(Directions for this task): Copy every entry word for word. Skip the pictures.
Top of Available records
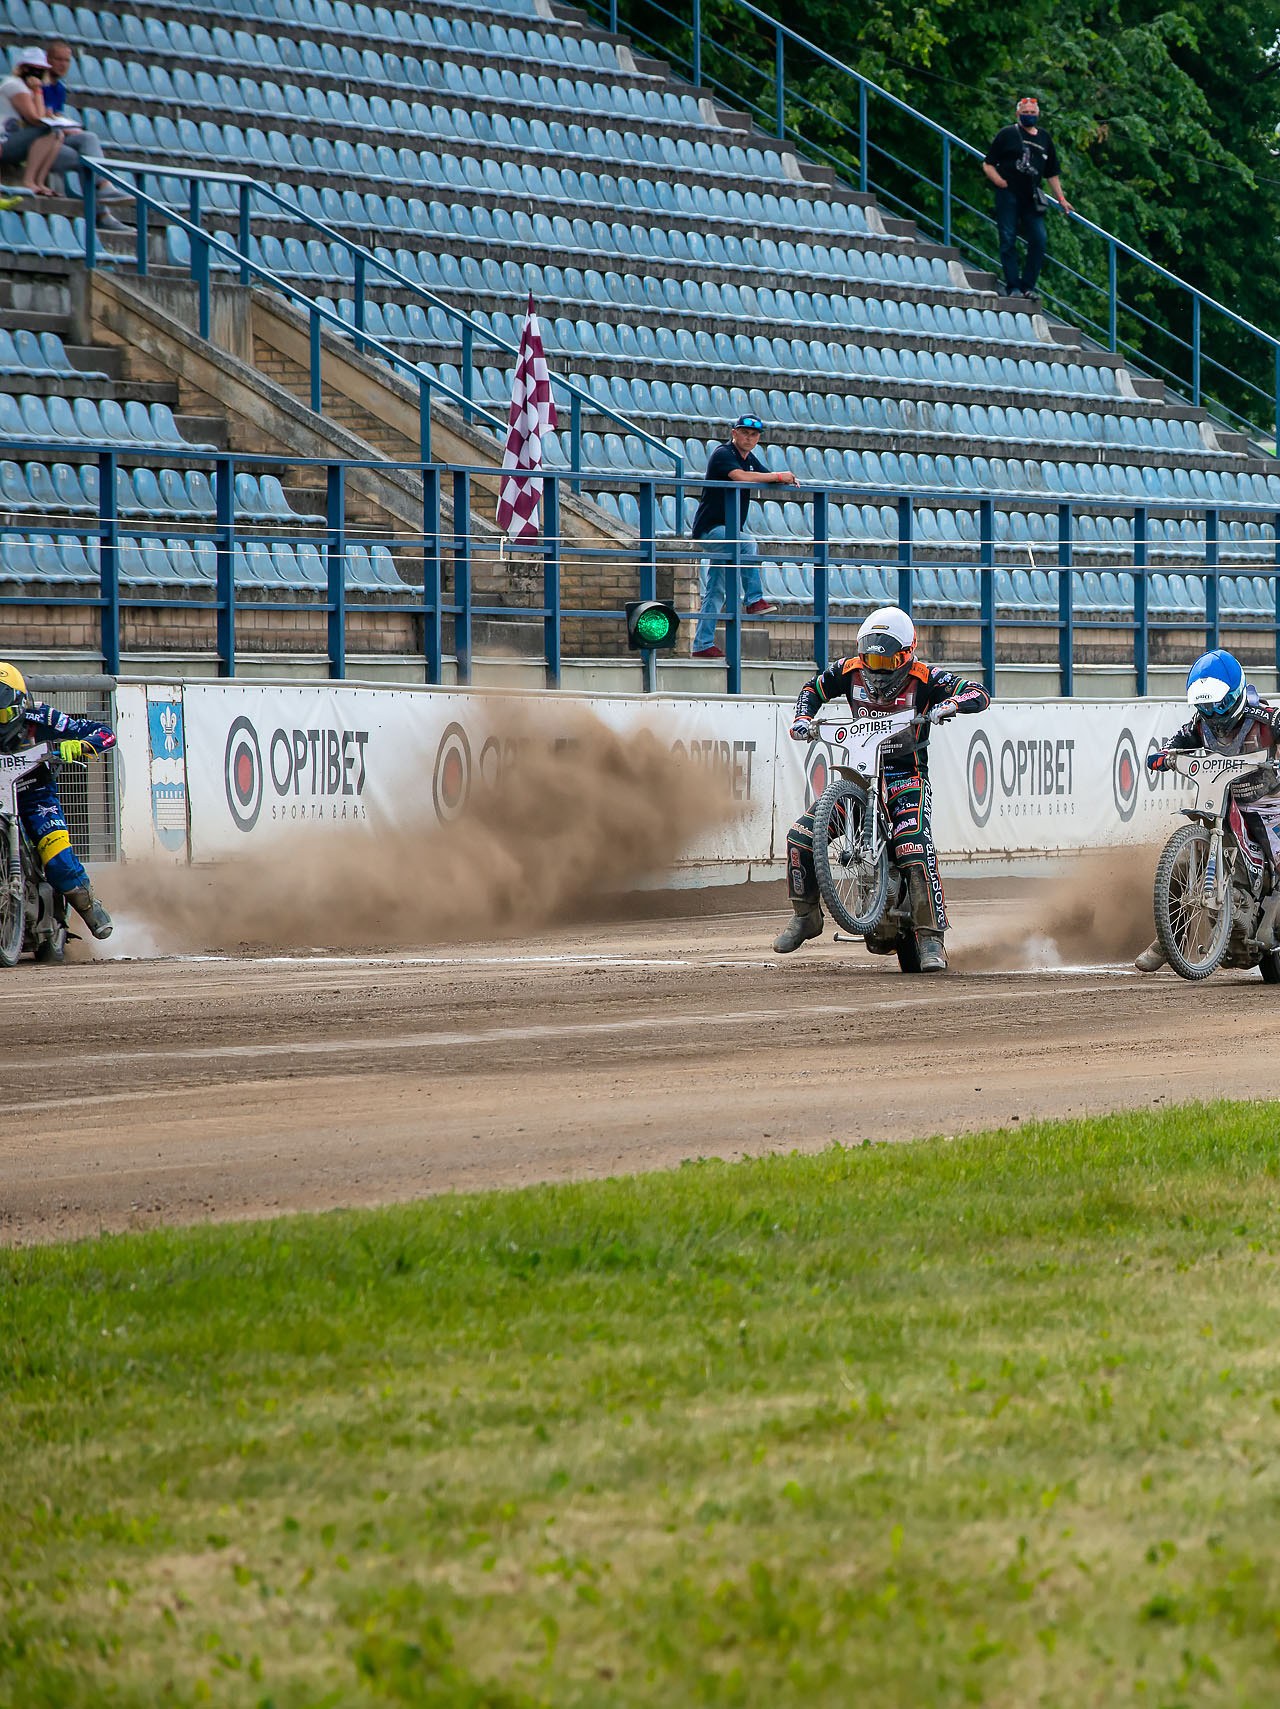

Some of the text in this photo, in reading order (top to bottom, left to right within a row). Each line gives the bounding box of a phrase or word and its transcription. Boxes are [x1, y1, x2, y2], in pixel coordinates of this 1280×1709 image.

[850, 720, 893, 735] OPTIBET
[270, 728, 369, 796] OPTIBET
[1001, 740, 1074, 797] OPTIBET
[1203, 759, 1245, 770] OPTIBET
[272, 805, 324, 820] SPORTA
[1000, 803, 1042, 817] SPORTA
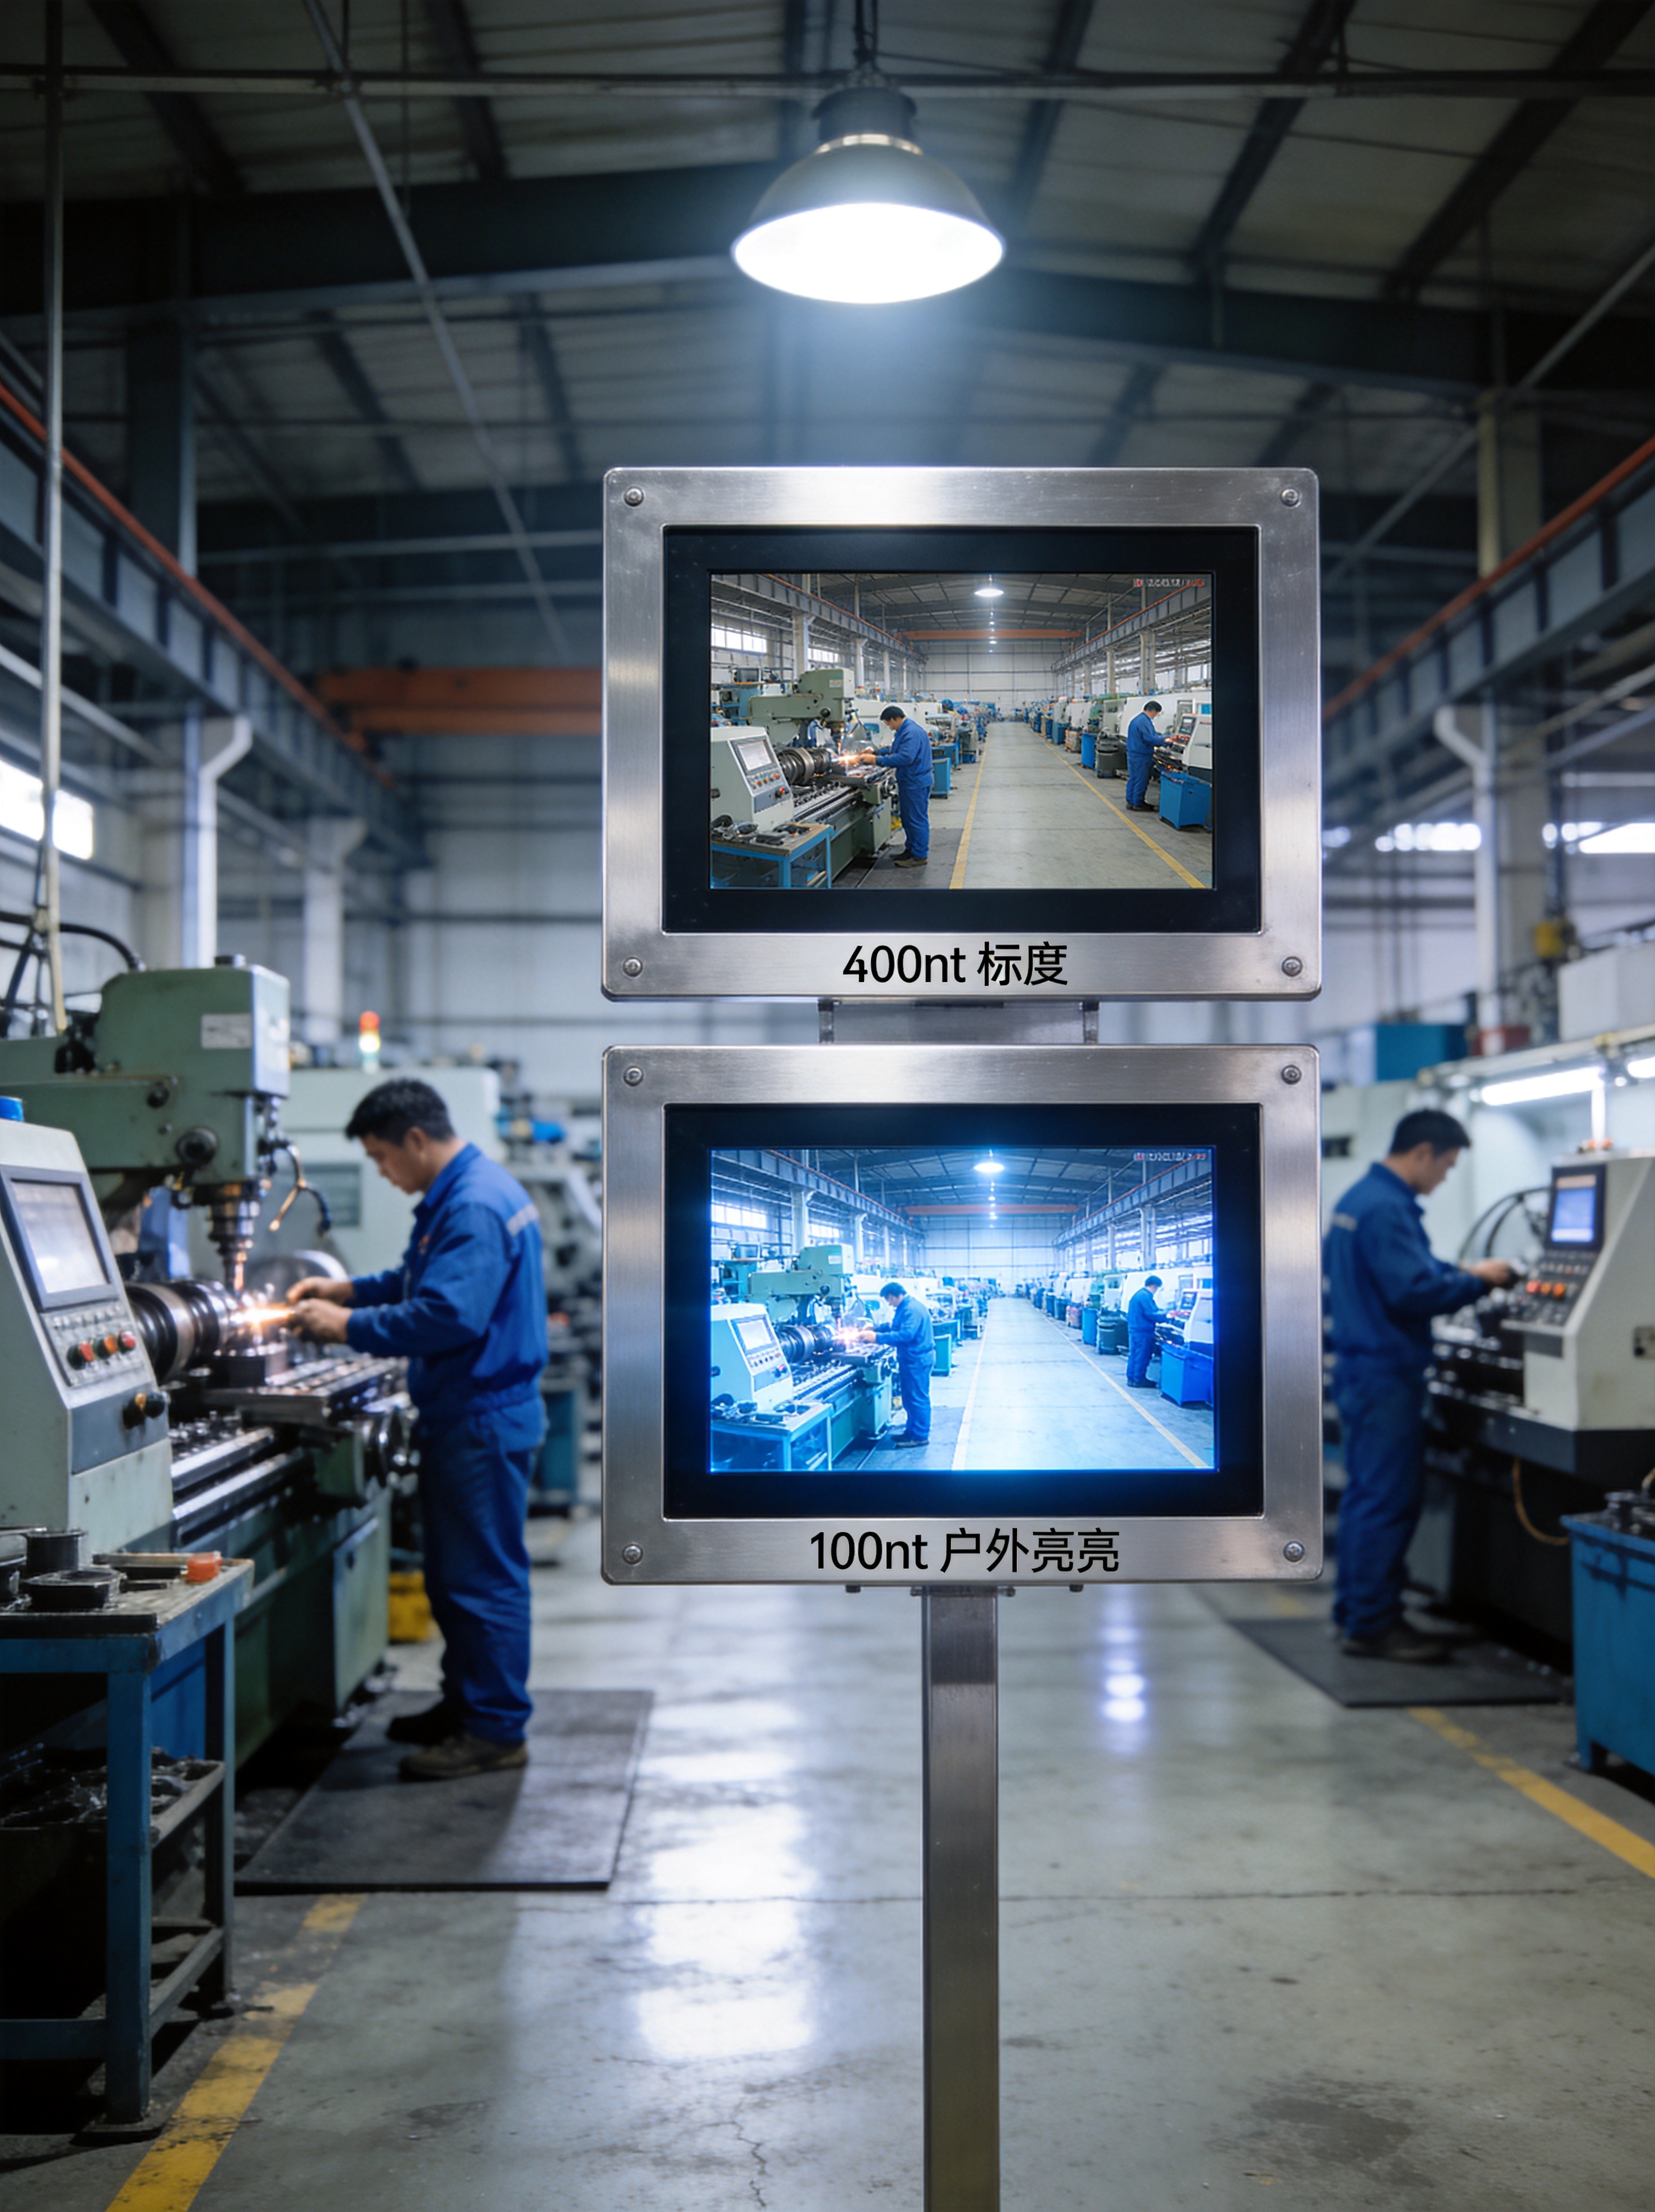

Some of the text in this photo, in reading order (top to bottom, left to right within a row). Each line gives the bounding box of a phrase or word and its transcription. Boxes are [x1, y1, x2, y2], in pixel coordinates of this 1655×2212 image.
Bottom of Available records
(Result for this task):
Some of the text in this photo, in reading order (top to bottom, left to right within a row). Each line gives the bounding box of a phrase or word and its transcription. Boxes are [x1, y1, x2, y2], in pixel coordinates of this 1280×1709 image.

[850, 720, 893, 735] OPTIBET
[270, 728, 369, 796] OPTIBET
[1001, 740, 1074, 797] OPTIBET
[1203, 759, 1245, 770] OPTIBET
[272, 805, 324, 820] SPORTA
[1000, 803, 1042, 817] SPORTA

Some of the text in this photo, in reading order (top to bottom, left to right within a row). Each line gives the bounding box of a phrase or word and its transcription. Boxes are [x1, y1, x2, y2], in pixel coordinates of this 1655×2212 image.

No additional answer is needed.